Linguistic Cues to Deception: Identifying Political Trolls on Social Media

Authors

  • Aseel Addawood Department of Informatics, University Illinois at Urbana-Champaign
  • Adam Badawy Information Science Institute, University Southern California
  • Kristina Lerman Information Science Institute, University Southern California
  • Emilio Ferrara Information Science Institute, University Southern California

DOI:

https://doi.org/10.1609/icwsm.v13i01.3205

Abstract

The ease with which information can be shared on social media has opened it up to abuse and manipulation. One example of a manipulation campaign that has garnered much attention recently was the alleged Russian interference in the 2016 U.S. elections, with Russia accused of, among other things, using trolls and malicious accounts to spread misinformation and politically biased information. To take an in-depth look at this manipulation campaign, we collected a dataset of 13 million election-related posts shared on Twitter in 2016 by over a million distinct users.

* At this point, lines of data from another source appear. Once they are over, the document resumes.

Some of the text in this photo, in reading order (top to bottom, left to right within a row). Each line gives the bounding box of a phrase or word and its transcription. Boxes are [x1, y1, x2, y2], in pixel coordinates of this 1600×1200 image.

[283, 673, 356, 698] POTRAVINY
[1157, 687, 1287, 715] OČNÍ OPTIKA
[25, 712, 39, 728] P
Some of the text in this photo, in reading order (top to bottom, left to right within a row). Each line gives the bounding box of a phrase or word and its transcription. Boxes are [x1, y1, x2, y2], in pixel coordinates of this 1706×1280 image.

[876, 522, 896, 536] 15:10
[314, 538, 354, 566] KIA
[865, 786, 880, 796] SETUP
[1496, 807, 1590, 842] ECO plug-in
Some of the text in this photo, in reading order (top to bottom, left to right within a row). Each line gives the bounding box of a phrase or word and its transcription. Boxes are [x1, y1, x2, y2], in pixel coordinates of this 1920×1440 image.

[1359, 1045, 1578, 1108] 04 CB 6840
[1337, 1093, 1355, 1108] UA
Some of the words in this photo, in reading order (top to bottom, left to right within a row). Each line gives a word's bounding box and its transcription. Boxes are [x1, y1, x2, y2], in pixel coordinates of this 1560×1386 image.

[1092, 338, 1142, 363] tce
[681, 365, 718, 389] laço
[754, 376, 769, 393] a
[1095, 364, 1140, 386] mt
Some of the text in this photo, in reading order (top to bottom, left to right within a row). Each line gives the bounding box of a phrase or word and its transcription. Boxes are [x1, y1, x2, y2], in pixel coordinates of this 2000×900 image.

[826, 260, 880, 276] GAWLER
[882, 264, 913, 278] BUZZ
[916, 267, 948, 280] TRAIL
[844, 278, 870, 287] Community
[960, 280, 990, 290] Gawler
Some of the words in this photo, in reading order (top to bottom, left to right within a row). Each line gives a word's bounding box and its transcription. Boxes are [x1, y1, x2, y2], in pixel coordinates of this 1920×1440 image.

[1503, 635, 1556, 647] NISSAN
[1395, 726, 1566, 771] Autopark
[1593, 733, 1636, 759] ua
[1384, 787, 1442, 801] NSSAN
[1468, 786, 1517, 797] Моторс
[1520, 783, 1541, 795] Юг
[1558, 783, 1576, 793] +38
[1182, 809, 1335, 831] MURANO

This dataset includes accounts associated with the identified Russian trolls as well as users sharing posts in the same time period on a variety of topics around the 2016 elections. To study how these trolls attempted to manipulate public opinion, we identified 49 theoretically grounded linguistic markers of deception and measured their use by troll and non-troll accounts. We show that deceptive language cues can help to accurately identify trolls, with average F1 score of 82% and recall 88%.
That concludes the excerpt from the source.